Обсуждение: The issue of incorrect width estimation in UNION queries
Hi
When I perform a union operation on the varchar fields of two tables,
the planner incorrectly selects the sort method. But the efficiency of hashagg will be higher.
This seems to be because the planner has miscalculated the length of the columns.
The test cases are as follows:
(version is PostgreSQL 17.4)
CREATE TABLE public.t1 (
id integer primary key,
name varchar(10)
);
INSERT INTO public.t1 (id, name)
SELECT generate_series(1, 100000) AS id,'hgbnmjujty' AS name;
CREATE TABLE public.t2 (
id integer primary key,
name varchar(10)
);
INSERT INTO public.t2 (id, name)
SELECT generate_series(1, 100000) AS id,'mnyknvkuma' AS name;
set work_mem to '256kB';
explain analyze select name from t1 union select name from t2;
QUERY PLAN
-----------------------------------------------------------------------------------------------------------------
------------
Unique (cost=38103.14..39103.14 rows=200000 width=38) (actual time=84.674..127.446 rows=2 loops=1)
-> Sort (cost=38103.14..38603.14 rows=200000 width=38) (actual time=84.670..111.885 rows=200000 loops=1)
Sort Key: t1.name
Sort Method: external merge Disk: 2976kB
-> Append (cost=0.00..4082.00 rows=200000 width=38) (actual time=0.016..40.349 rows=200000 loops=1)
-> Seq Scan on t1 (cost=0.00..1541.00 rows=100000 width=11) (actual time=0.015..11.187 rows=1000
00 loops=1)
-> Seq Scan on t2 (cost=0.00..1541.00 rows=100000 width=11) (actual time=0.011..11.098 rows=1000
00 loops=1)
Planning Time: 0.098 ms
Execution Time: 127.757 ms
set enable_sort to off;
explain analyze select name from t1 union select name from t2;
QUERY PLAN
-----------------------------------------------------------------------------------------------------------------
------
HashAggregate (cost=37582.00..45832.00 rows=200000 width=38) (actual time=69.529..69.550 rows=2 loops=1)
Group Key: t1.name
Planned Partitions: 16 Batches: 1 Memory Usage: 121kB
-> Append (cost=0.00..4082.00 rows=200000 width=38) (actual time=0.016..39.050 rows=200000 loops=1)
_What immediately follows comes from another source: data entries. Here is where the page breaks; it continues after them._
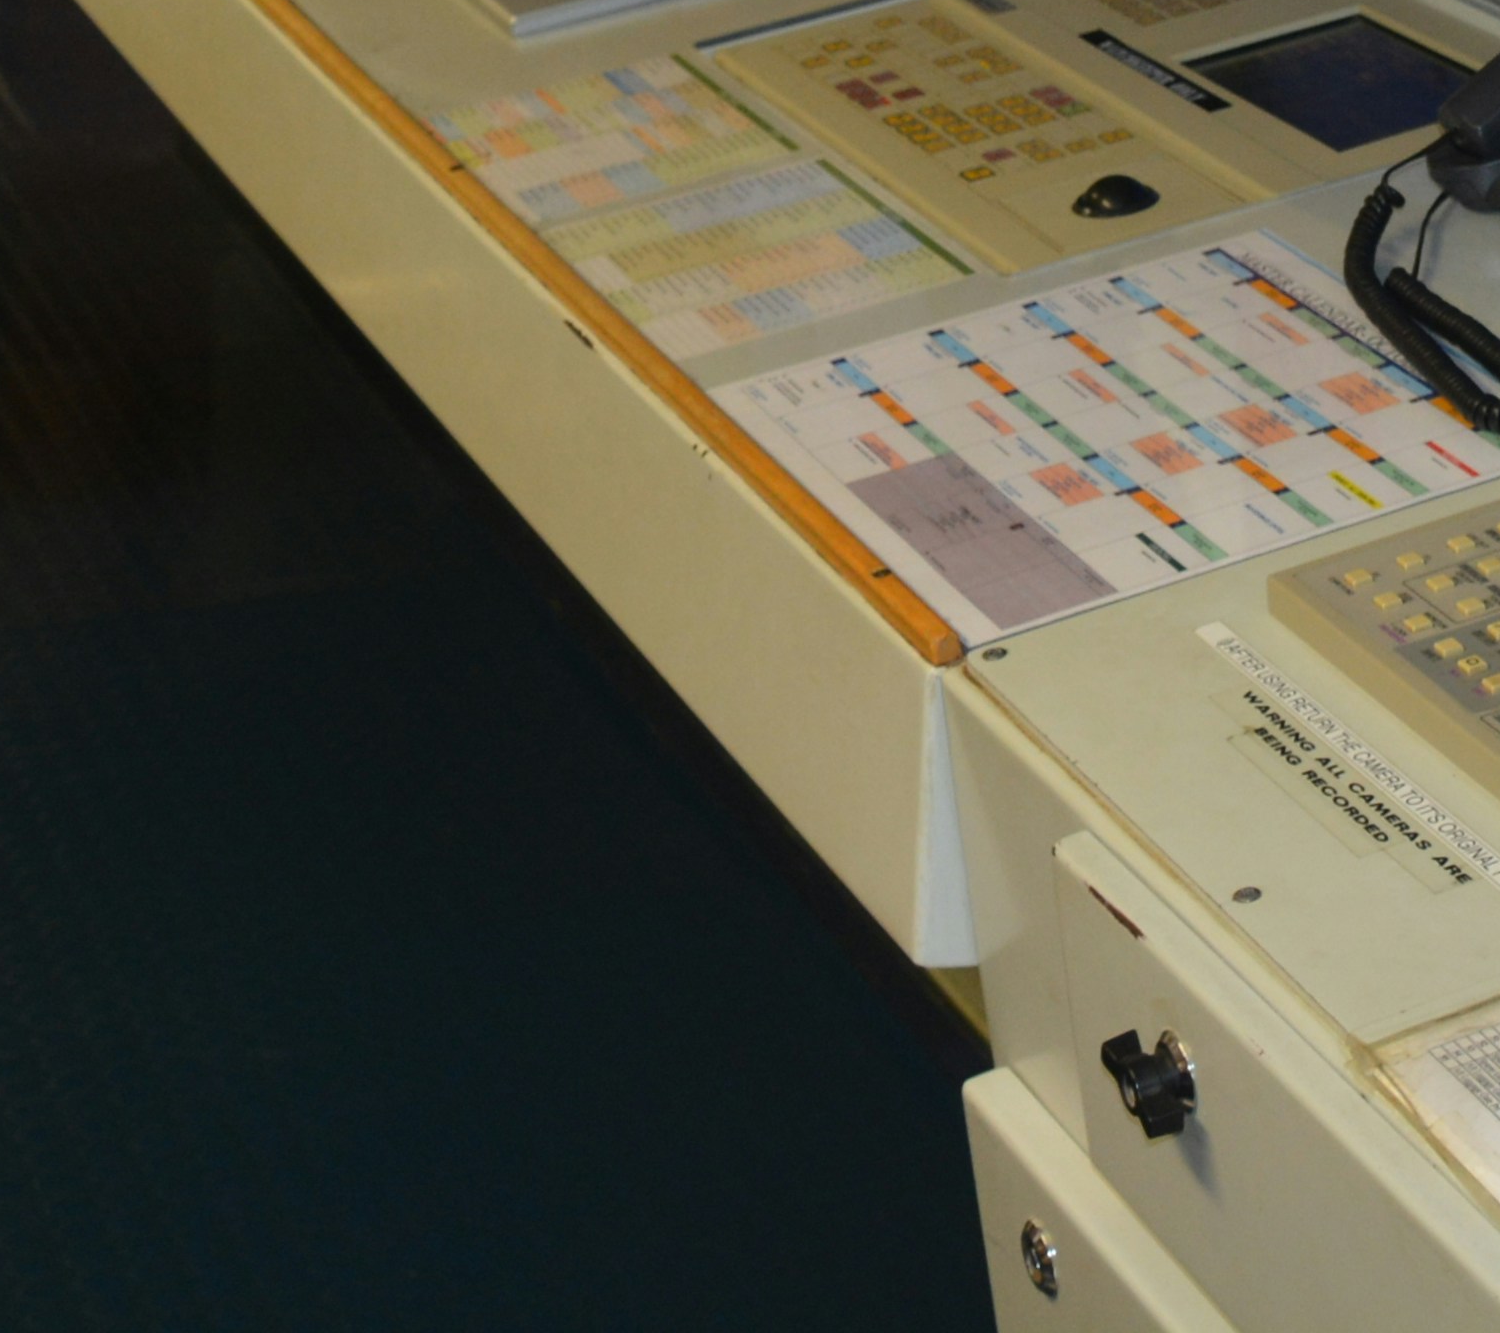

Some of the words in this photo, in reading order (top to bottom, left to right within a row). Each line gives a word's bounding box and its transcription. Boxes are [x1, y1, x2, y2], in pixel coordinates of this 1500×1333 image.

[1242, 690, 1318, 753] WARNING
[1316, 754, 1346, 780] ALL
[1348, 782, 1432, 851] CAMERAS
[1432, 853, 1473, 885] ARE
[1253, 726, 1303, 767] BEING
[1302, 769, 1389, 845] RECORDED
-> Seq Scan on t1 (cost=0.00..1541.00 rows=100000 width=11) (actual time=0.015..10.056 rows=100000 loo
ps=1)
-> Seq Scan on t2 (cost=0.00..1541.00 rows=100000 width=11) (actual time=0.018..10.654 rows=100000 loo
ps=1)
Planning Time: 0.105 ms
Execution Time: 69.606 ms
In the execution plan, the width of the name field is estimated to be 38,
but the name fields in both tables are strings with a length of 10.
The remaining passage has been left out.